O juiz da Vara Única da comarca de Pinhalzinho, Caio Lemgruber Taborda, considerou que “[…] o fato da defesa sustentar que o acusado […] trata-se de uma pessoa mentalmente ‘doente’ não possui o condão, por si só, de embasar o deferimento da instauração do incidente de insanidade mental, especialmente porque não foi apresentado sequer um laudo médico, exame, demonstração de ingestão de medicamento ou qualquer outro documento que demonstre que o acusado tenha sido internado ou submetido a tratamento/acompanhamento em razão de algum distúrbio mental”.
Para ele, até o momento, o acusado demonstrou possuir plena consciência da ilicitude de seus atos, tanto que planejou com antecedência o crime, inclusive estudando o local, horário, fragilidade das vítimas e nocividade que as armas causariam no corpo humano.
“Além disso, após a prática delitiva, o acusado realizou alguns questionamentos sobre quantas vítimas havia lesionado, se permaneceria muito tempo na prisão, e ainda afirmou à autoridade policial ser errado atentar contra a vida de crianças”, reiterou o juiz em sua decisão.
O que diz a lei?
Cerutti salienta que para que uma pessoa seja condenada por um crime, ele deve ter consciência do ato cometido, ou seja, saber o que estava fazendo.
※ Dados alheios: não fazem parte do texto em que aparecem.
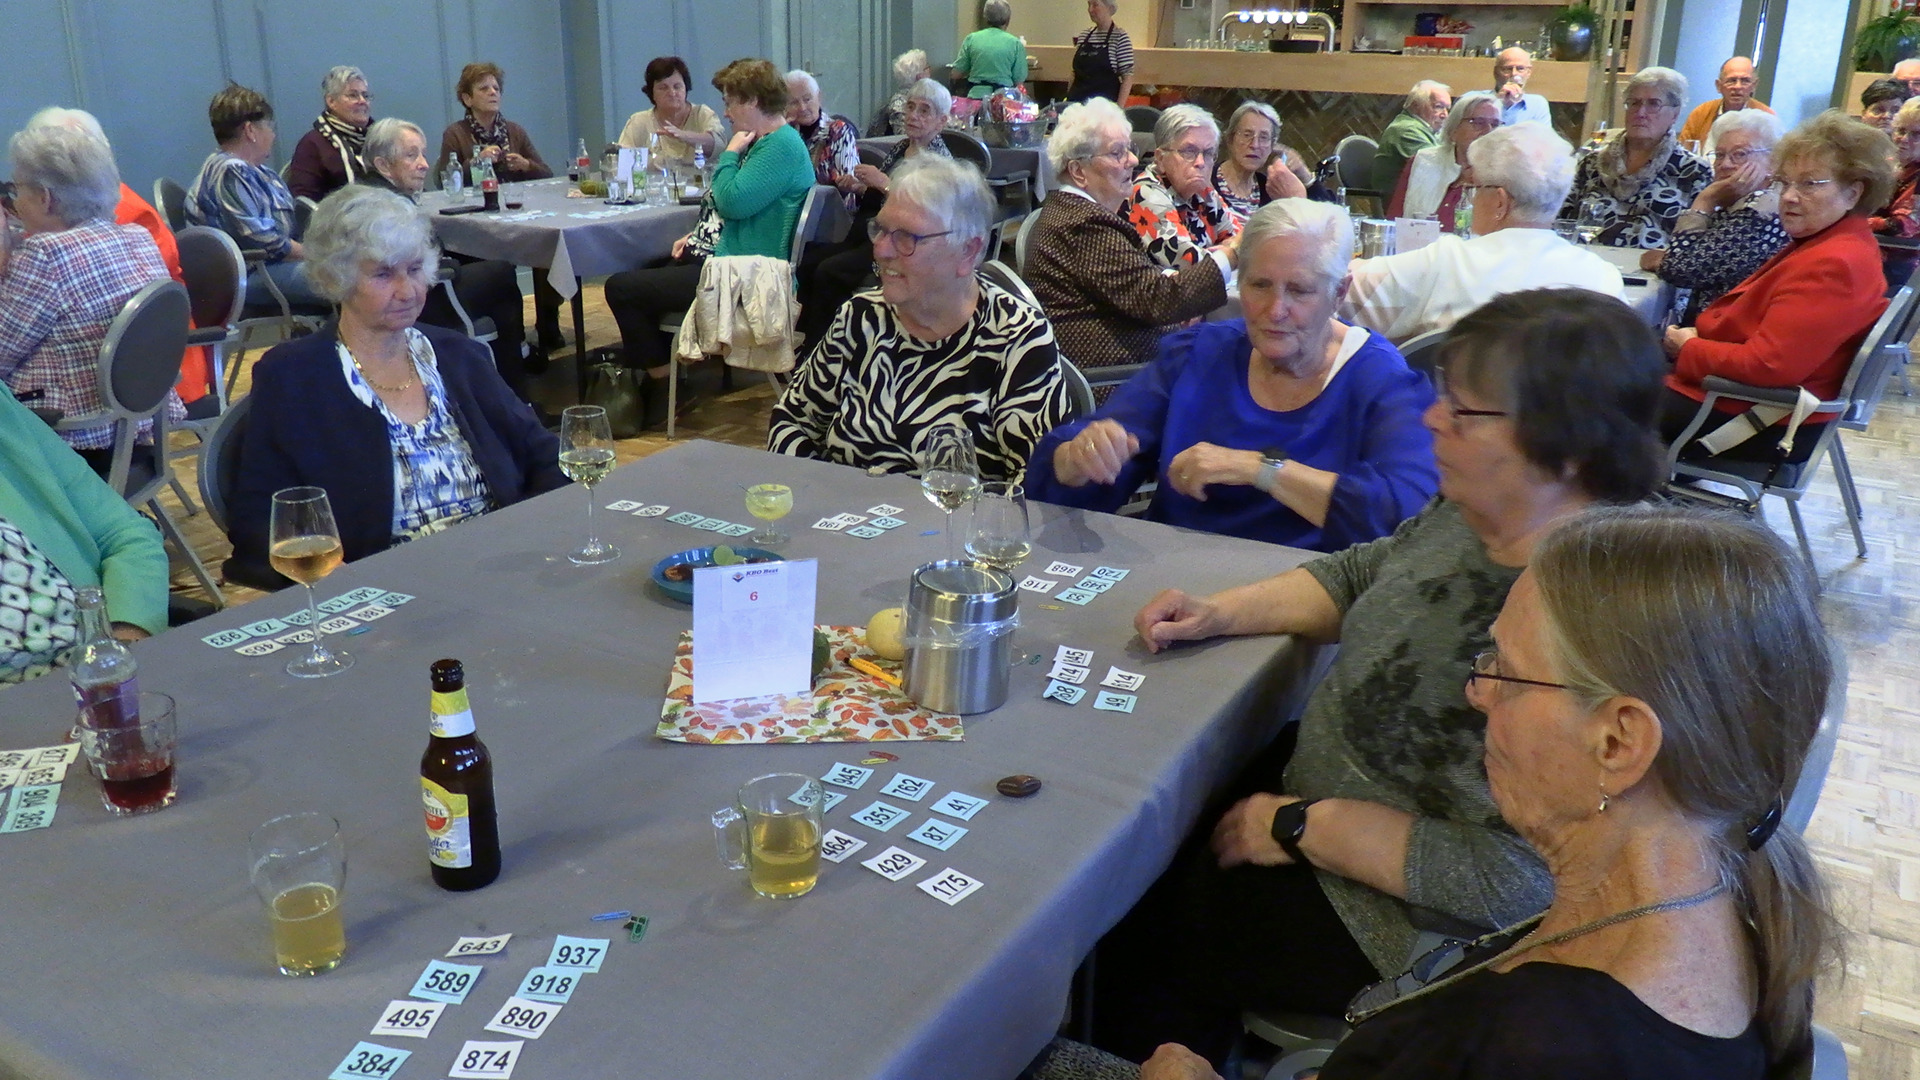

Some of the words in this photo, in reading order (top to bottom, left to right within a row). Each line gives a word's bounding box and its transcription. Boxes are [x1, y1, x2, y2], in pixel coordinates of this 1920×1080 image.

“Nestes crimes é comum o ‘incidente de insanidade mental’ sempre que houver dúvida sobre a integridade mental do acusado.  Este exame poderá ocorrer na fase do inquérito ou na fase processual. Caso o exame não seja autorizado, a defesa poderá pleitear o cerceamento do direito de defesa já que, existindo dúvidas sobre a sanidade ao tempo do fato, é de se esperar que o Estado tenha interesse no saneamento da dúvida”, cita.
Ele esclarece que, ao fim do exame pericial, caso seja indicado que o indivíduo tinha capacidade de entender o que fazia e de determinar-se por este entendimento, o processo correrá normalmente.
“Mas, caso seja considerado que ele não tinha esta capacidade, ou seja, que ele é inimputável, não será sujeito à pena privativa, mas será internado em hospital de custódia para tratamento e, neste caso, em tese, sem prazo máximo, ficando internado enquanto persistir o problema”.